A range of global changes and challenges mean that our leaders have an increased expectation that every institution should be implementing and investing in a comprehensive international engagement strategy, regardless of their team size, budget, and resources.
This is not only understandable, but also admirable—education has a powerful role to play in reaffirming the core values of our global society, and it is right that our leaders are looking for ways to step up and play their part. In fact, I have often referred to international advancement professionals as the ‘diplomatic corps’ of their institutions, with successful fundraising having a direct impact on advancing the mission, ethos, and vision that define our Schools and Colleges.
But in fulfilling our responsibilities, there is also a need to be realistic. It is not feasible, or indeed beneficial, for every organisation to develop and implement bespoke strategies for every corner of the globe. Just as the needs and interests of every donor varies, there is not a one size fits all approach to international advancement, and much can be achieved by simply refocusing your existing programme and interactions.
If you are unable to invest in the comprehensive international programmes that are often celebrated as sector-wide best practice (despite their reliance on large teams and even larger budgets), the temptation is to undertake some general ‘Development Tourism’ so that you have ‘warmed up’ a community of friends and created a network of potential supporters.
Yet this inclination often results in a shotgun approach, with no guarantee that these efforts will align with your domestic fundraising programme, institutional vision, and engagement opportunities. At best, time and resources would have been misdirected, but at worst, you will damage relationships by being unable to join them up with your confirmed priorities and model.
My advice is to leave Development Tourism to one side, and instead focus on the following:
1. Target your prospect research and SHOUT about it!
Asking your existing local prospects about their international connections, interests, and networks demonstrates your commitment to global opportunities and can help to identify key markets, and even new prospects, that warrant further investigation. You will never be able to effectively research the whole world, so instead focus on utilising your existing interactions to identify leads and opportunities—less like finding a needle in a haystack, and more like empowering your network to guide you on where to start digging.
Knowing where your initial prospect opportunities are and developing market insight into global philanthropic trends and patterns will not only help your fundraisers to hit the ground running, but should also get you a seat at the table when your organisation is planning its international strategy and priorities.

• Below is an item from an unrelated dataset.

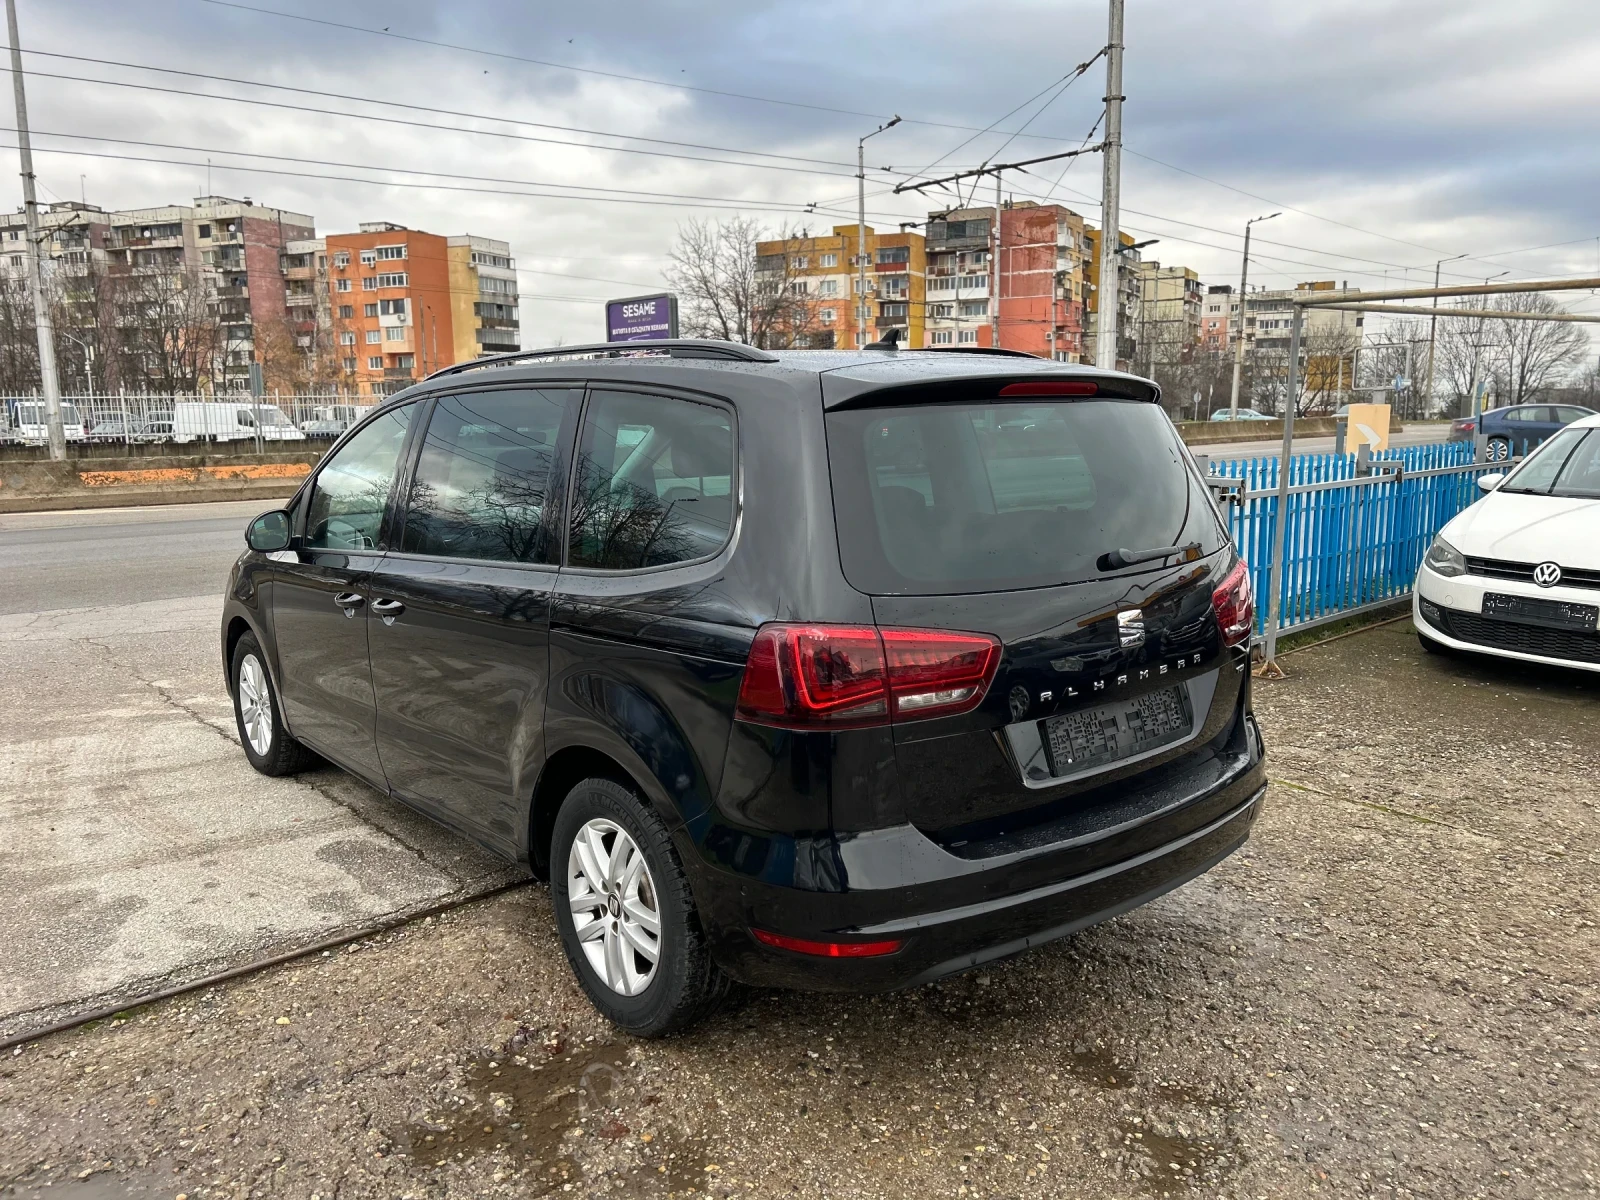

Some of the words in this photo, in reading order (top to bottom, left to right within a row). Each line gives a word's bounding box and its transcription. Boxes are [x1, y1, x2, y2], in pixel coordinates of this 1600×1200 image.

2. Support the international student experience
All students are alumni of tomorrow, and emphasising global values and ambitions in your existing student engagement activities will:
- Create a community of happy former students, who will naturally begin to advocate on your behalf and seek out informal opportunities to maintain connections to your organisation via forming their own networks and communication channels that can be leveraged at a later date;
- Increase your knowledge of key markets and create a list of unofficial ambassadors that you can call upon to provide valuable local area knowledge when entering a new market; and
- Instil global values in your community, and reaffirm your commitment to creating an international network among local and overseas constituents.
3. Map connections and interests of internationally mobile faculty and administration
A few successful donations in the early days should only help to motivate your organisation’s commitment to international engagement. Mapping out opportunities to ‘piggy back’ on existing international activity being undertaken by admissions colleagues can be an efficient way to gain some ‘quick wins’ in identifying:
- Regions where your colleagues can assist you in meeting with alumni and parents; and
- Countries where you can support your colleagues by promoting volunteer opportunities, such as attendance at recruitment fairs, interviews, and information evenings—all of which of course have the dual purpose of providing cultivation opportunities to engage alumni in a meaningful way.
So yes, international advancement is something that should be on all our radars as our institutions seek to find opportunities and solutions in a challenging and ever-changing world. But before you dust off the passport and ask for substantial increases in travel budget, consider how you can first focus on embedding global messages in your existing work.